You're repeating tired quotes without even understanding what they mean. The quote "longer than you can stay solvent" refers to short selling. Here you are using it in the opposite context: to describe a long position. It makes no sense. How exactly would a non leveraged long position get margin called?
I think this comes down to a disagreement about what "long term" means. In finance, I would suggest a _lower_ bound on long term is 10 years. More comfortably, I'd suggest something like 20-30 years. This is long enough to ride out most depressions, and it is still fits within a persons working life-time. It also roughly matches the scale at which people should be planning for retirement and long-term care (imagine if you started your retirement planning just 10 years from retirement, it would be very difficult). So I think neither BTC's not TSLA's hype has reached long-term yet. They have been around long enough to meet some of these timelines, but the excessive hype really hasn't been so long -- maybe 5 years or so.
Can we stop just repeating quotes like those over and over. If you have thoughts, please articulate them, its pretty frustrating to see the same exact quotes repeated over and over whenever there is a submission stock related
> As is the case with Elon's companies (and a bit of the market itself), it feels like any logical valuation has no impact on the actual stock price.
Has this type of phenomenon been studied or formalized in any way by economists? I mean specifically how a cult of personality develops around a single individual causing the market to lose its shit. Or the increasing meme-ification of financial instruments.
These are both uniquely 21st century phenomena. But I'm not familiar enough with finance / economics to know what to read up on to understand what is going on.

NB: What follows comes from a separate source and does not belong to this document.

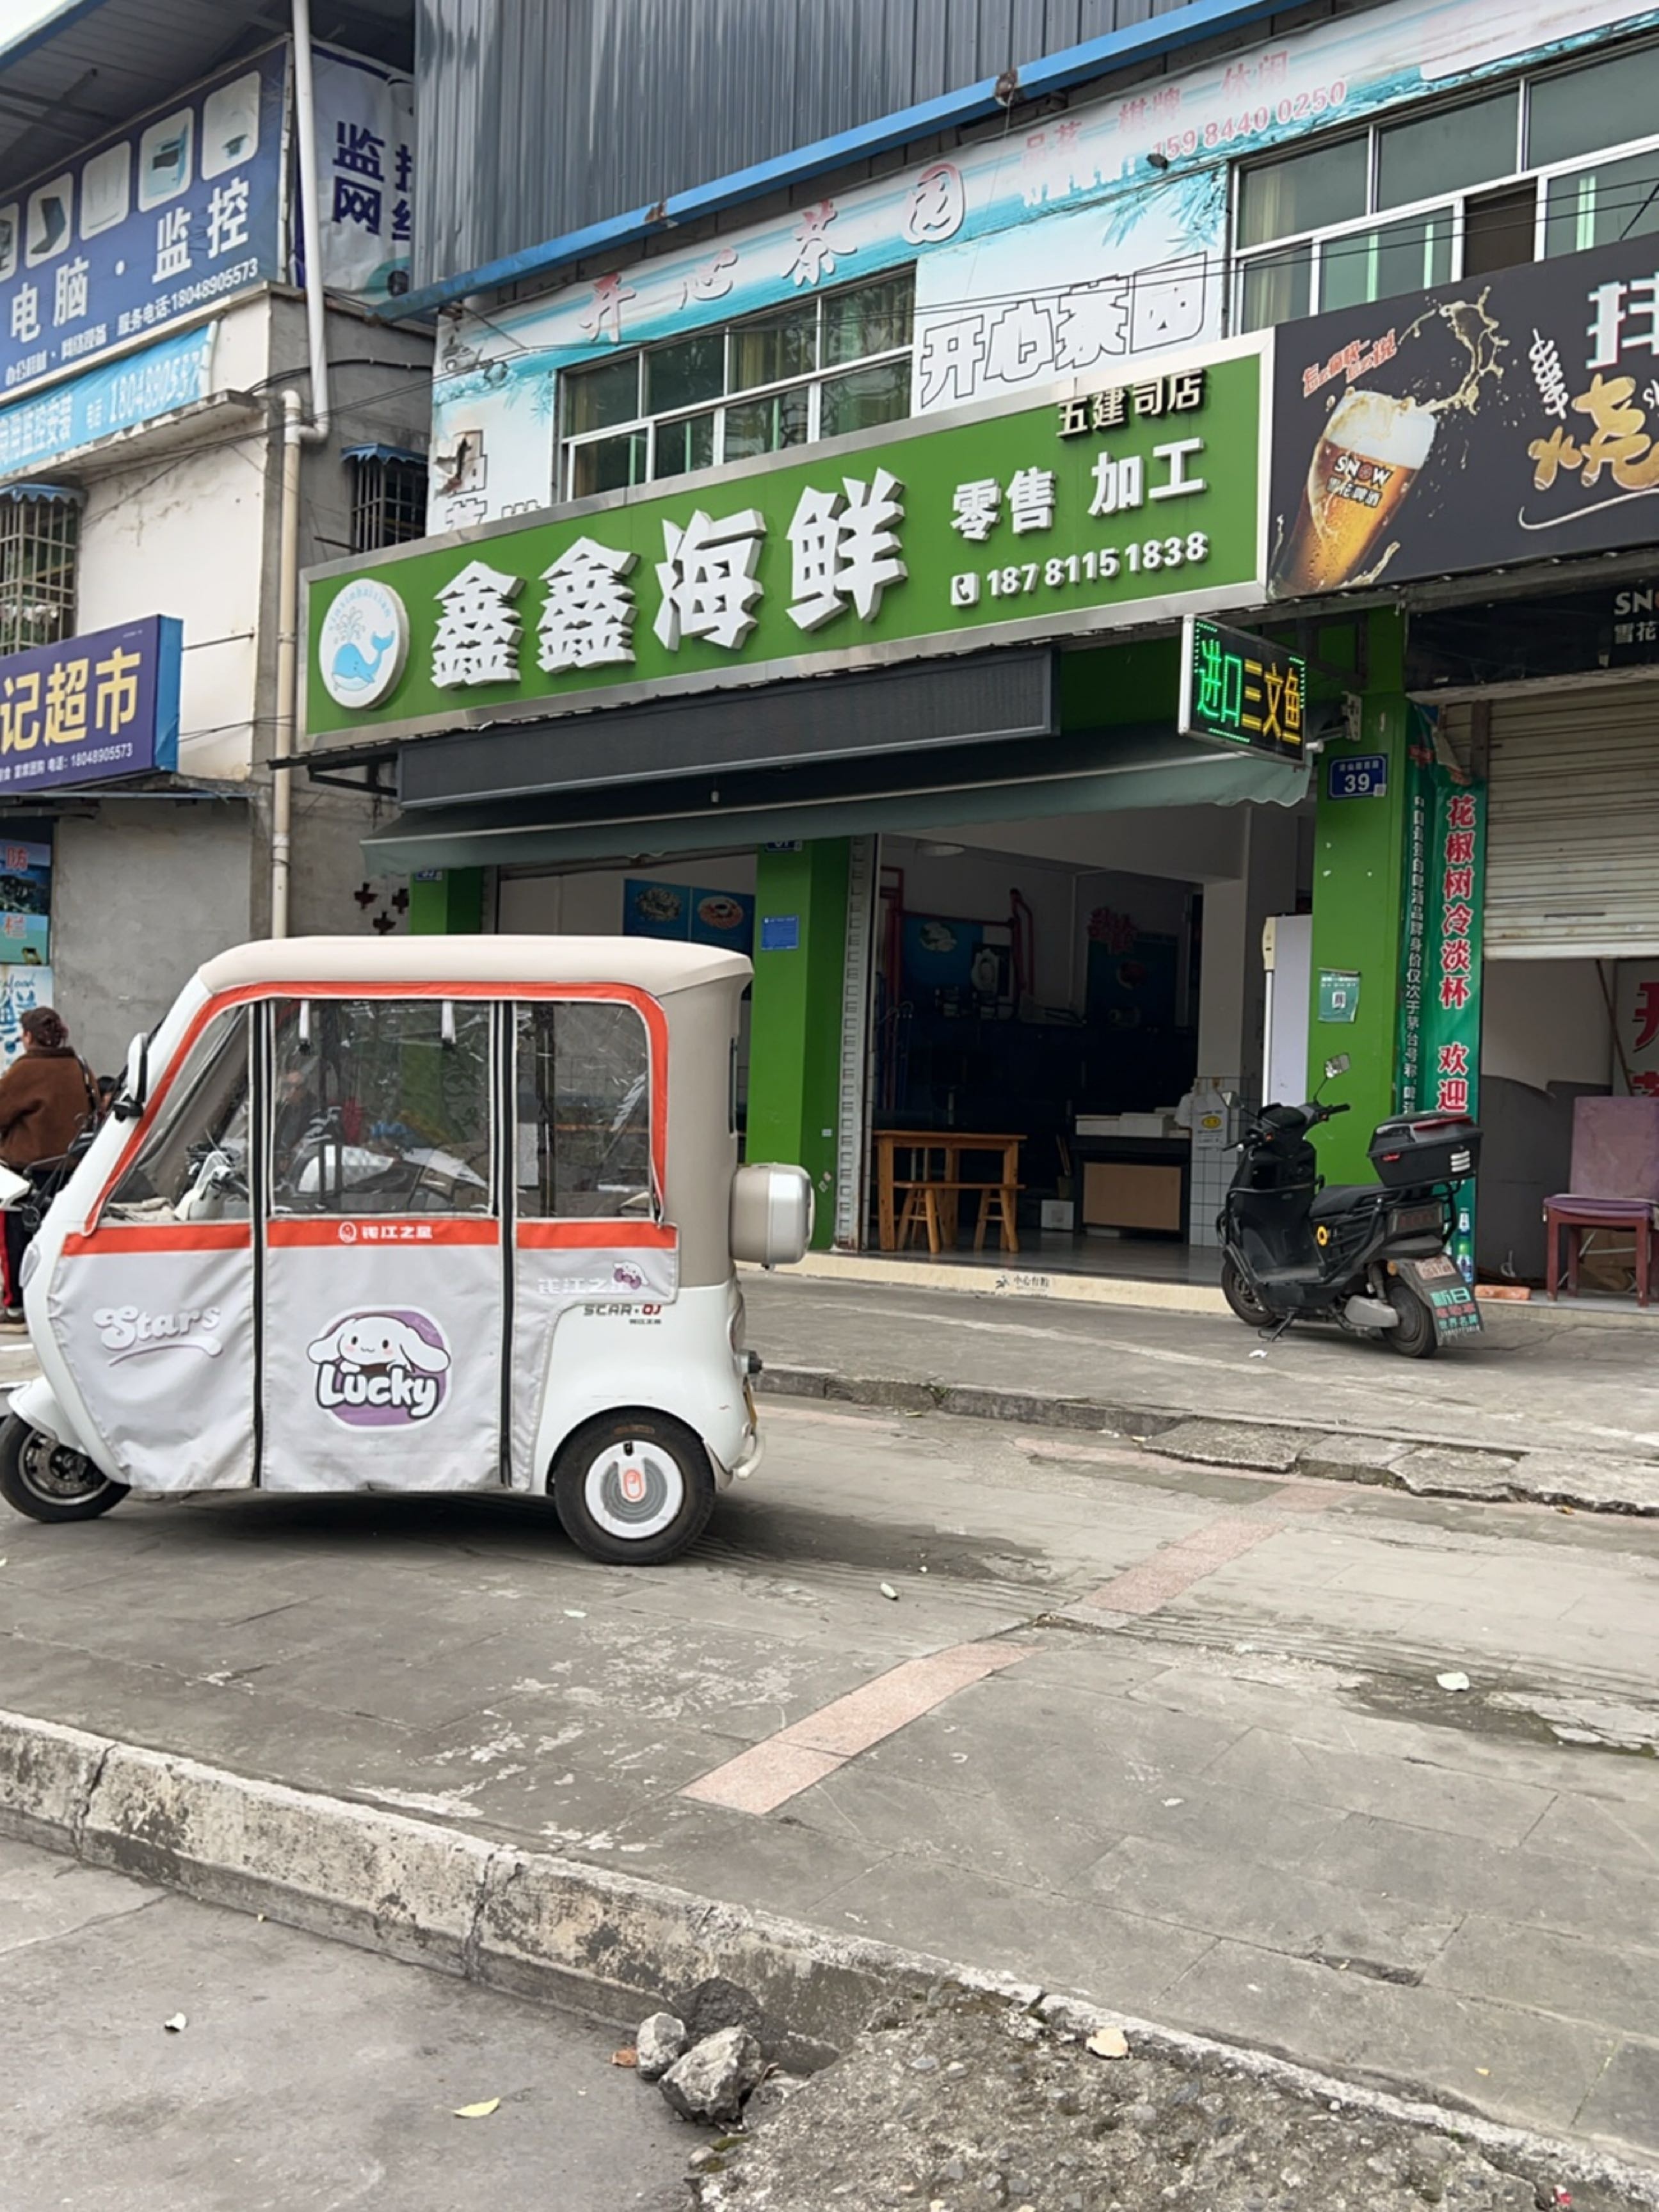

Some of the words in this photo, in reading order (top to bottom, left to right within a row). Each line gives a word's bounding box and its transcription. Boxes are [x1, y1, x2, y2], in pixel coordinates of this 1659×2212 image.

The irrational exuberance around Tesla was at least somewhat grounded in reality. There were some possible future(s) where it was really going to take off and completely redefine the auto industry. Then of course things went really off the rails with the Cybertruck, pivot to robotics, and just seemingly giving up on their existing line of business to go chasing whatever bong fueled dream Musk is having this quarter.
SpaceX is on a whole new level of bullshit. I think all these guys know how to do is double down. If the hype isn't working, its not stupid and big enough, so you start talking about transhumanism and singularity and other BS in your SEC filings.

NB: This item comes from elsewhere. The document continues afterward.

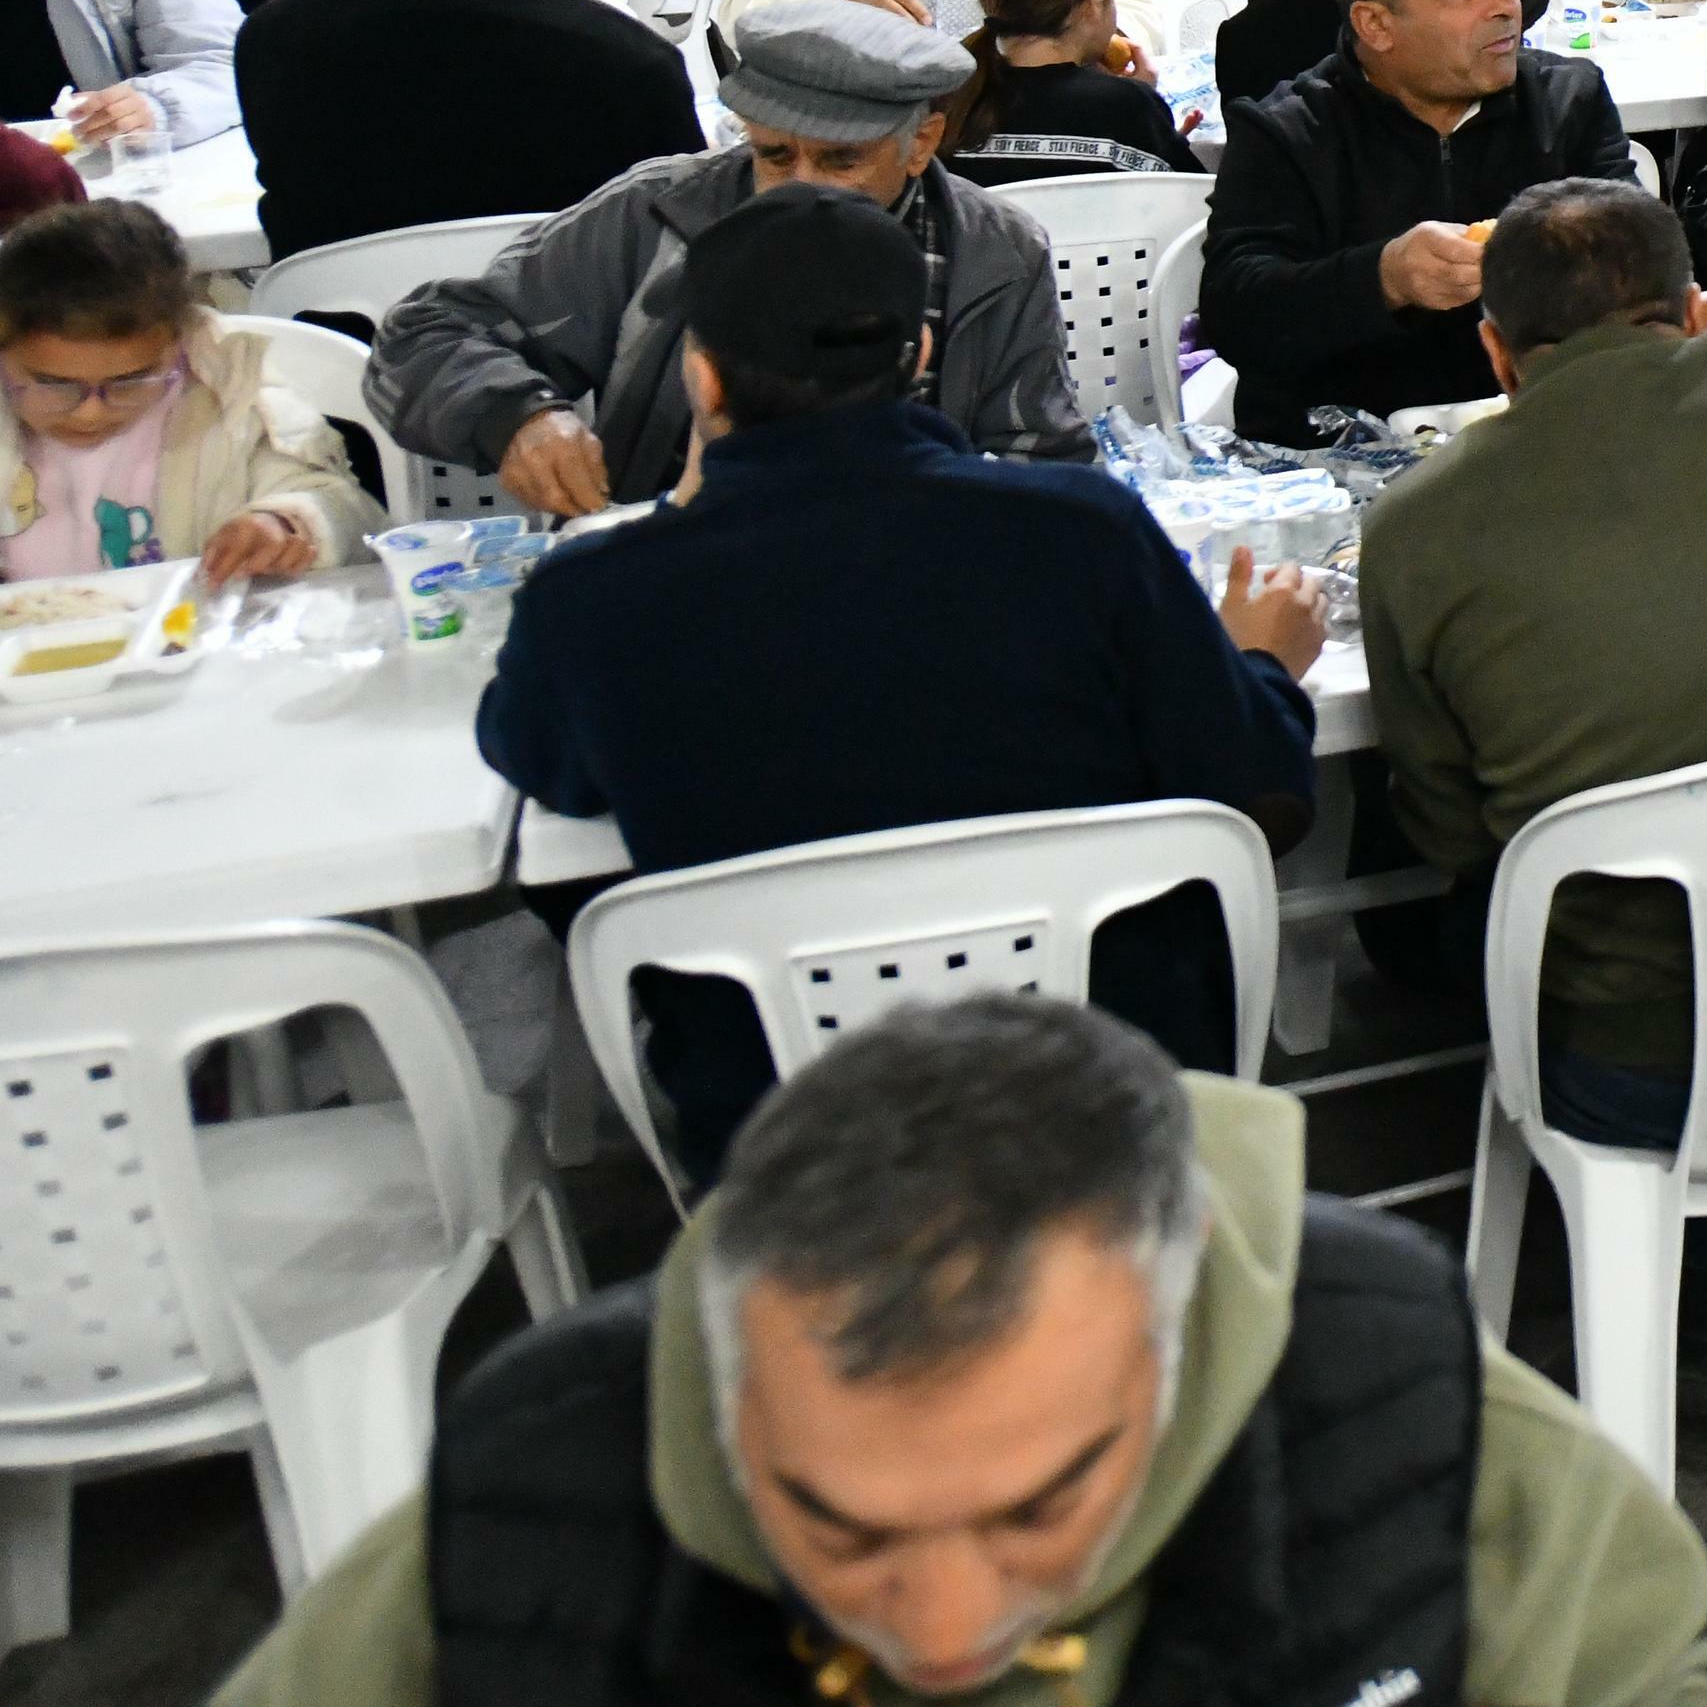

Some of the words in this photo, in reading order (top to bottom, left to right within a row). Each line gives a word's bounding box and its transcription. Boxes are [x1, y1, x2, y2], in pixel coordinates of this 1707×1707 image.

[1013, 140, 1040, 153] FIERCE
[1048, 140, 1068, 153] STAY
[1070, 141, 1099, 155] FIERCE

Without Musk, they wouldn't have squandered their market advantage with high-profile failure after high-profile failure. They would have released a good enough pickup truck in 2017. They wouldn't have spent a whole decade gaslighting everyone about self-driving cars.
The real reason Tesla was remarkable, and why Musk bought into it, was that they released a mass-market electric car that didn't look and perform like a vacuum cleaner and that got an okay range for commuting. That was the value proposition. China can now exceed those design parameters at a wholesale price of about $8k USD.
In the short term the market is a popularity machine but in the long term it is a weighing machine.